Avec Mme Jayot, l'enseignante, et les élèves de 5ème
PARLER : "D'habitude, dit un collégien, dans les pièces de théâtre ils parlent avec des mots de l'ancien temps qu'on comprend pas, le langage d'avant il tourne autour du pot et vous vous parlez comme nous on parle tous les jours". Luc suscite la parole et trouve les mots justes pour parler d'amour et de sexualité. On ne tourne pas autour du pot. On dit. On nomme. On entendrait une mouche voler (mais des mouches, y en a pas, trop de pluie, trop de froid, printemps pourri, y a plus de saison etc. Peut-être s'abritent-elles par grappes dans le bouquet de hêtres-pourpres pluri-centenaires ?) Un élève intervient : "Mon tonton il fait du théâtre, je connais, c'est un endroit où les gens parlent fort et où on comprend rien à ce qu'ils disent". "Et là, alors ? demande Luc. On comprend quoi ? Dans En Voiture Simone par exemple on comprend quoi ?" Plusieurs réponses se succèdent, et puis après un temps, une voix, timidement, au fond, avance, fragile : "On comprend que la vie est belle".

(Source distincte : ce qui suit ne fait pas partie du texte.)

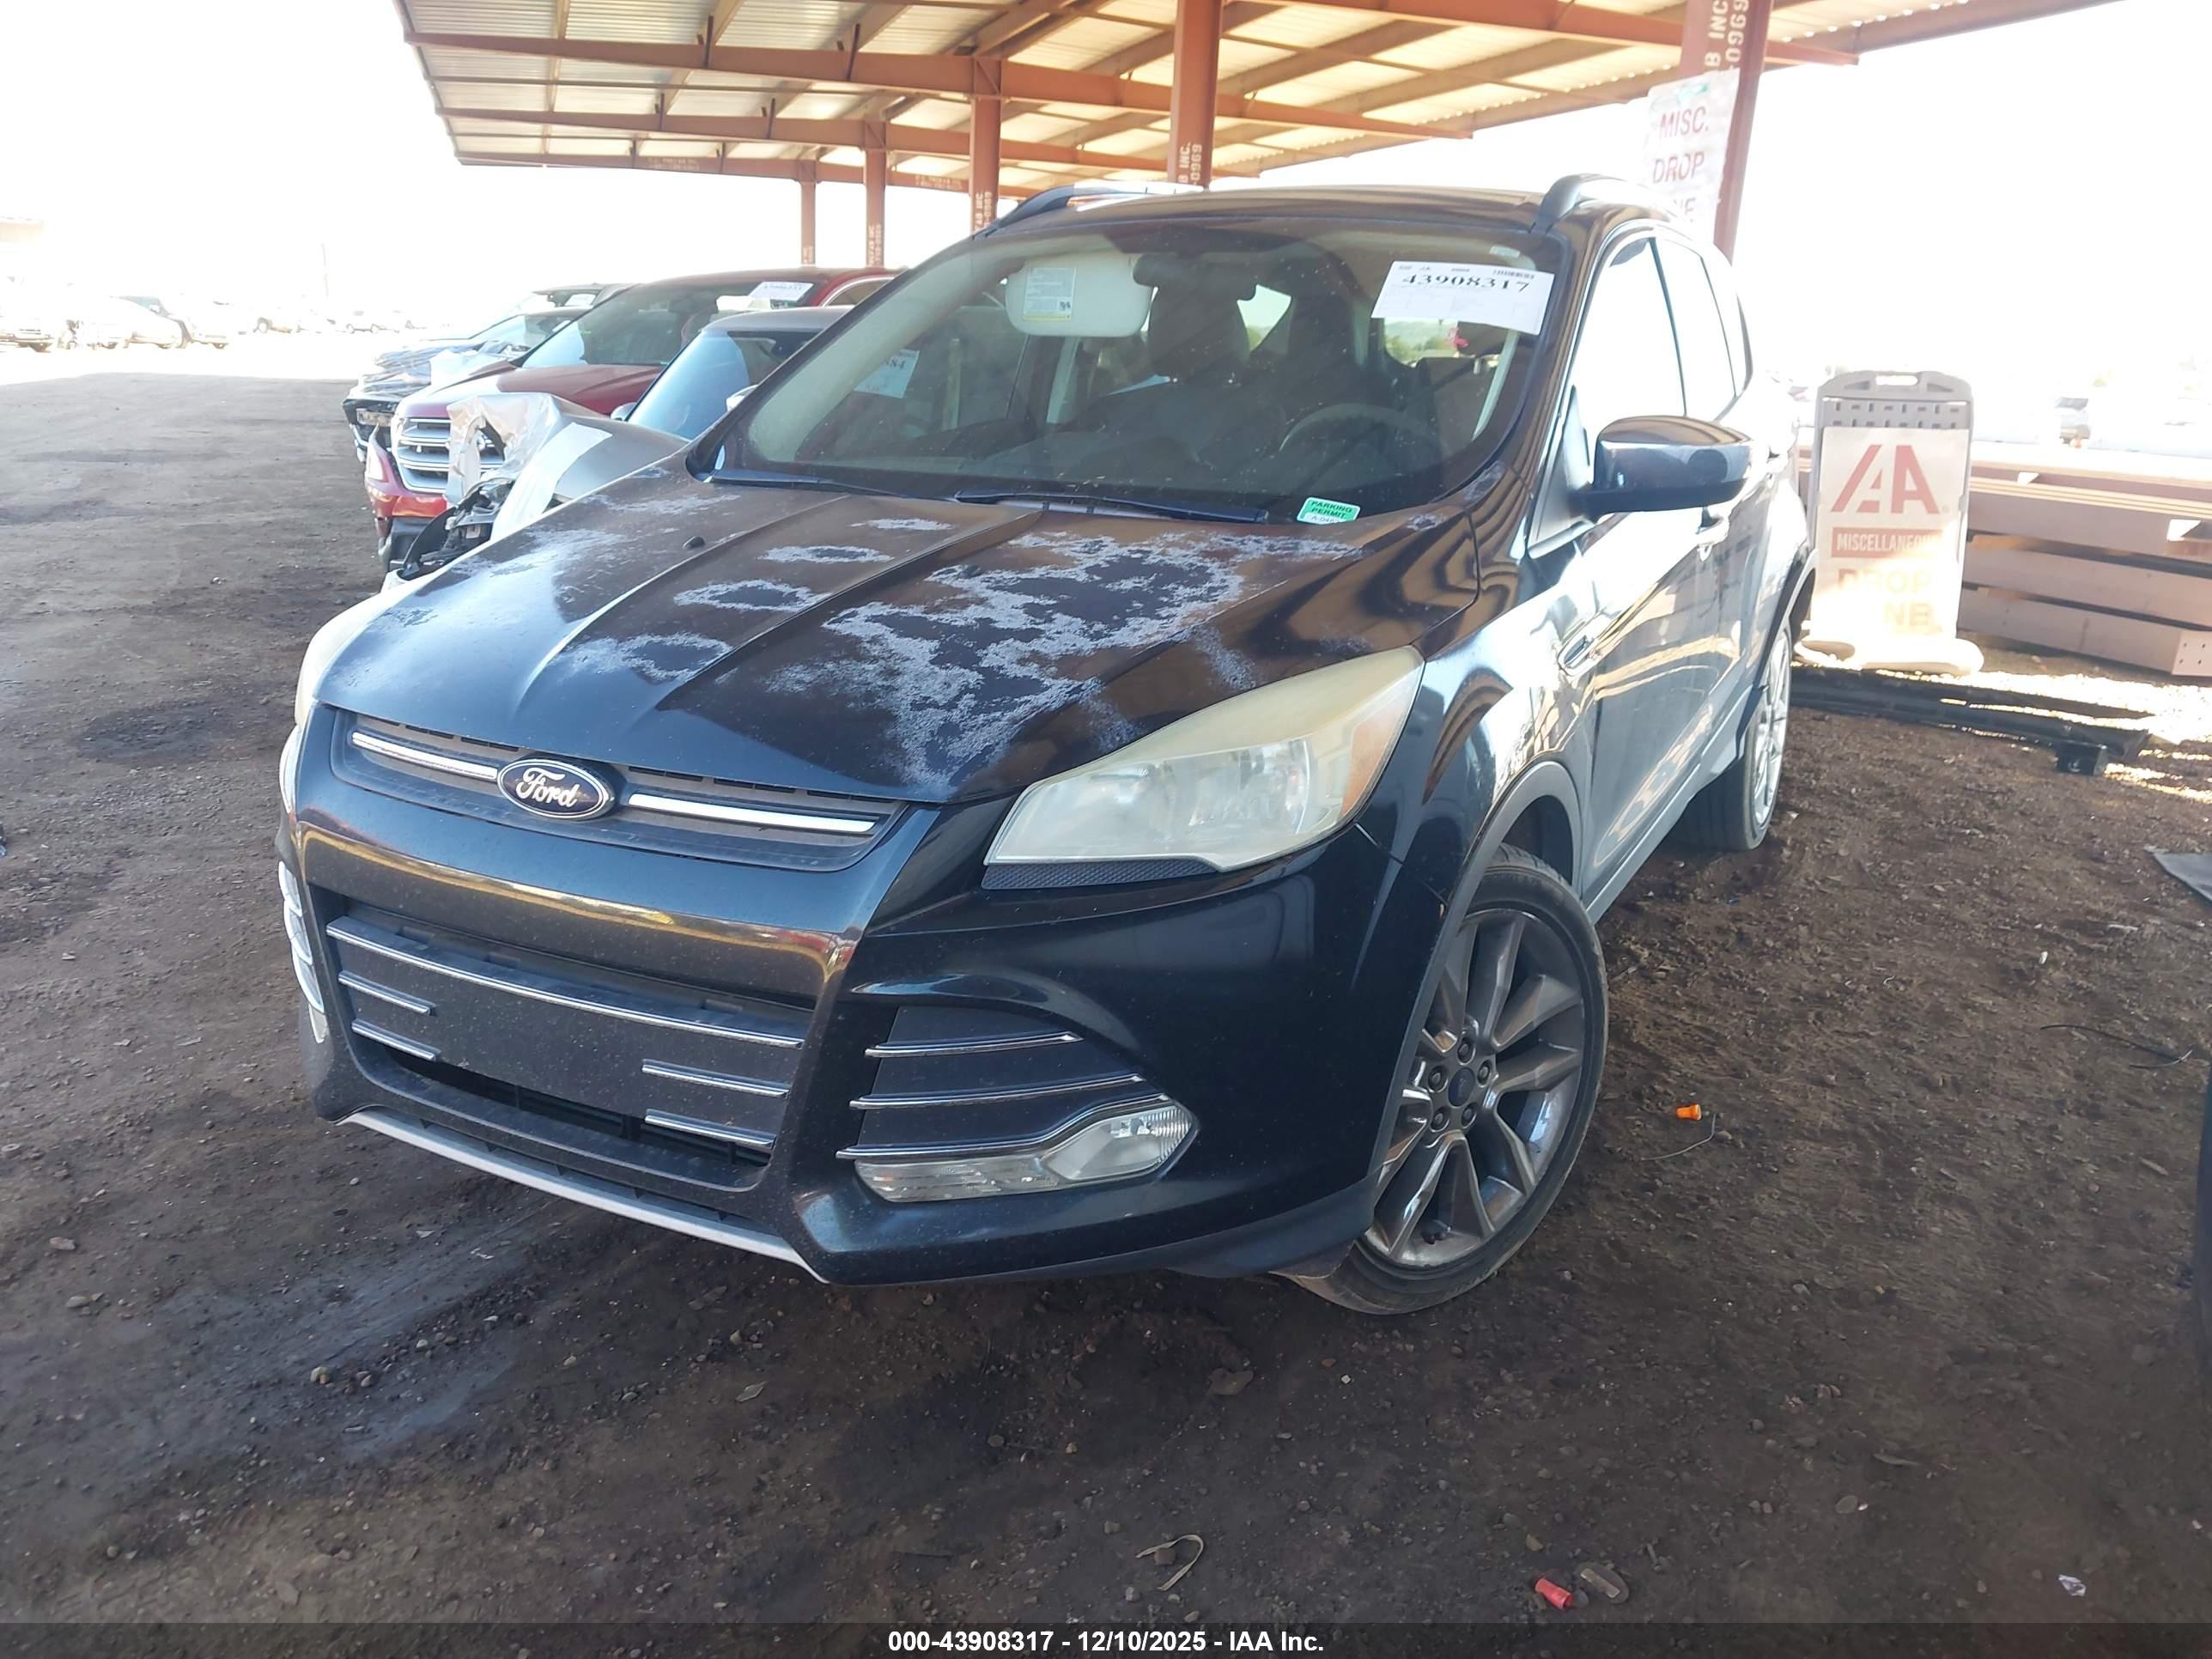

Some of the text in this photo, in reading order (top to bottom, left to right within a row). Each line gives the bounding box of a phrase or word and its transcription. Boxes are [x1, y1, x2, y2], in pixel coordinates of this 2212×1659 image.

[1659, 106, 1709, 137] MISC.
[1653, 151, 1705, 184] DROP
[1402, 274, 1530, 292] 43908317
[1311, 501, 1353, 514] PARKING
[1311, 507, 1346, 519] PERMIT
[1836, 533, 1942, 550] MISCELLANEOU
[516, 768, 581, 807] Ford

RENVERSER : "Il y a souvent un danger dans mes pièces, dit Luc, quelque chose de coupant. Mes personnages sont en danger. La première pièce que j'ai écrite, en 1988, ça commençait comme ça : "Y a du sang partout", j'entendais mes personnages dire ça. Mes personnages ils sont renversés sur leur chemin. Pas dérangés, pas perturbés, non : renversés". Mme Darribehaude, l'enseignante, confirme : "C'est vrai. Chez vous, il y a quelque chose d'incisif - (un temps). Incisif et décisif".

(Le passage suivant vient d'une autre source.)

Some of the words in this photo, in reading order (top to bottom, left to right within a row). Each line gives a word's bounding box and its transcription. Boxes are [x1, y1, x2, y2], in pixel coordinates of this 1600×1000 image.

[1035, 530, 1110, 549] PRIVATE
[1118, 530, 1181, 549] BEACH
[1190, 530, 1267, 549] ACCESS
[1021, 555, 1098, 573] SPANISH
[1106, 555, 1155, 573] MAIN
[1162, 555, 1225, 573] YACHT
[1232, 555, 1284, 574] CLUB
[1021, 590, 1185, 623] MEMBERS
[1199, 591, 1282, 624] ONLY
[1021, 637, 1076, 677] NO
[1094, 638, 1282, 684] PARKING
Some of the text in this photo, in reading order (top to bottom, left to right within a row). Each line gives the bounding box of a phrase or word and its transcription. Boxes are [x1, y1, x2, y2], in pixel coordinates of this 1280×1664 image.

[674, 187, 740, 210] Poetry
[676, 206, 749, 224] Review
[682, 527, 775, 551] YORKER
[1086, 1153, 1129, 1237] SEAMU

"Et en tant qu'auteur, poursuit Luc, j'aime bien être surpris par ce qu'on fait de mes textes. L'ordre des monologues de Roulez Jeunesse !, on peut le renverser, du moment que ça ne fait pas dire à la pièce le contraire de ce qu'elle dit. Actuellement à Porrentruy (dans le Jura suisse), l'atelier théâtre d'un lycée joue S'Embrasent dans les couloirs de l'établissement". Qu'on bouscule les structures, qu'on change les cadres, qu'on renverse l'ordre établi, il aime ça, Luc : alors roulez jeunesse !

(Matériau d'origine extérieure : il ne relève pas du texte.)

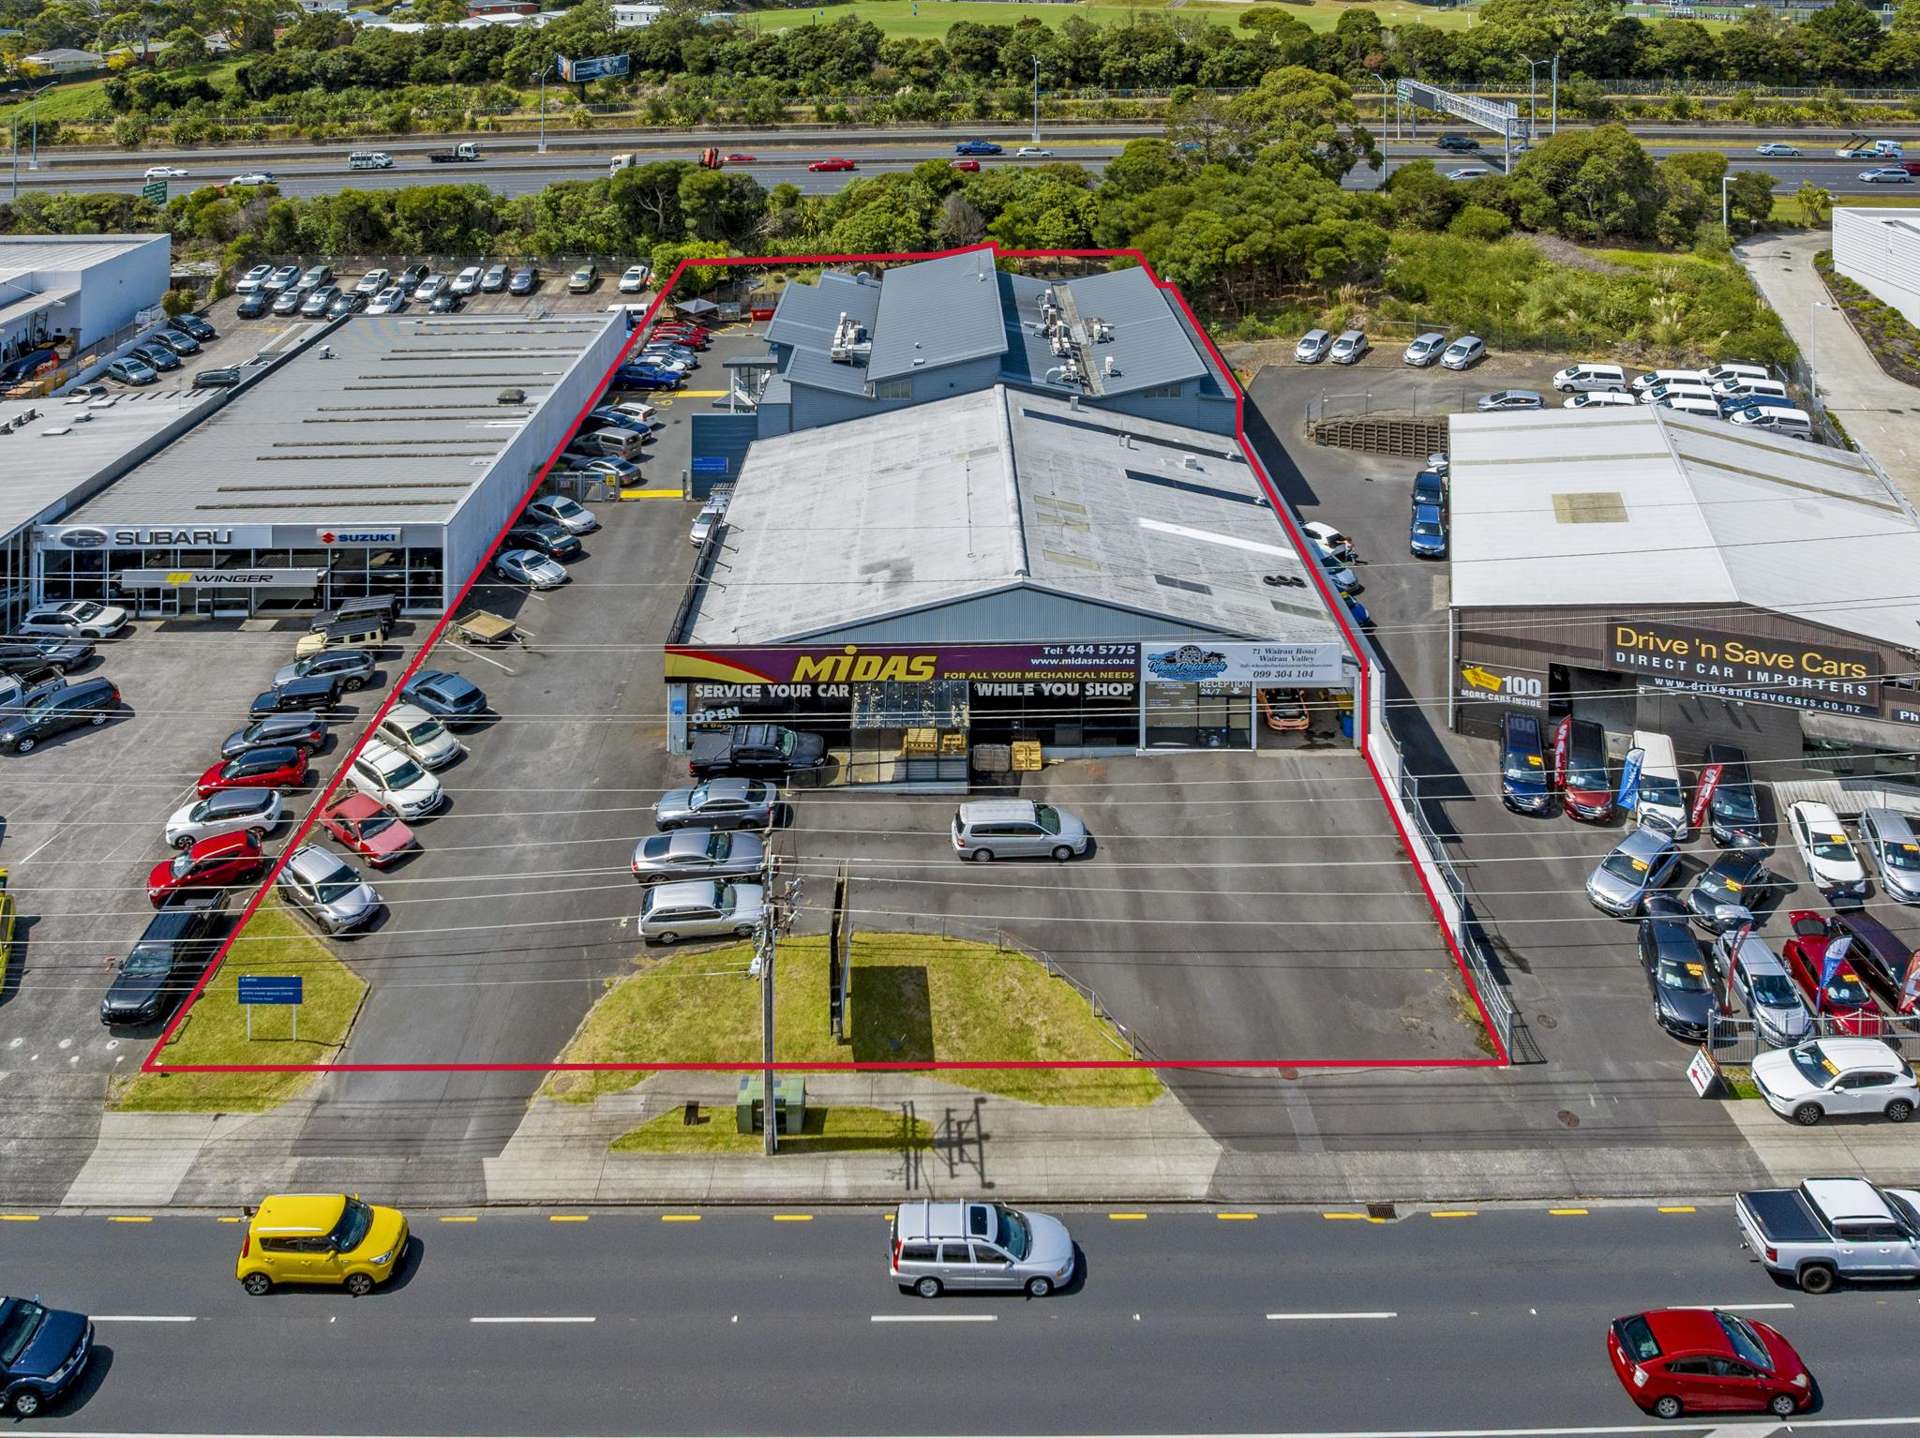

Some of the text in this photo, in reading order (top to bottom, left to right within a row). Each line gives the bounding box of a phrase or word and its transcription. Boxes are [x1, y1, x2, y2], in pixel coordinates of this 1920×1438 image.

[115, 530, 232, 545] SUBARU
[338, 533, 396, 542] SUZUKI
[195, 574, 273, 583] WINGER
[1043, 645, 1136, 655] Tel: 444 5775
[1616, 626, 1867, 679] Drive 'n Save Cars
[1031, 657, 1136, 665] www.midasnz.co.nz
[1291, 655, 1314, 663] Valley
[944, 671, 1136, 680] FOR ALL YOUR MECHANICAL NEEDS
[1616, 652, 1867, 697] DIRECT CAR IMPORTERS
[695, 685, 849, 698] SERVICE YOUR CAR
[976, 683, 1035, 697] WHILE
[1041, 683, 1080, 696] YOU
[1085, 682, 1135, 696] SHOP
[1502, 676, 1542, 697] 100
[1461, 689, 1543, 707] MORE CARS INSIDE
[1654, 678, 1861, 714] www.driveandsavecars.co.nz
[691, 706, 740, 723] OPEN
[1900, 710, 1920, 722] Ph

Jeter, ouvrir, regarder, parler, renverser... on pourrait faire une chorégraphie avec ça, je me dis, ces cinq mots en boucle, tandis que nous reprenons le train depuis notre Vladivostok d'Ile-de-France (car tout de même même : Crouy-sur-Ourcq est la dernière ville francilienne avant l'Aisne et la Marne, manière de confins, donc), ce serait la chorégraphie de l'écriture de Luc Tartar. Oui, ces cinq mots me trottent en tête, je me les répète comme un mantra. Il me semble qu'à eux cinq, ils témoignent d'un double mouvement présent dans le geste d'écrire de Luc : la préhension et le lâcher-prise, le réel et l'imaginaire, l'auteur et ses personnages, le dedans et le dehors, la violence et la douceur, la tangente et la radiale... Autant de mouvements antagonistes vécus, dans l'écriture de Luc, avec légèreté, même parfois avec humour. Un bouillonnement serein.

Un nom, pour cette chorégraphie ? Un titre à cette danse qui célèbre la vie en cinq mots ?
Sans hésitation : Le Sacre du Printemps.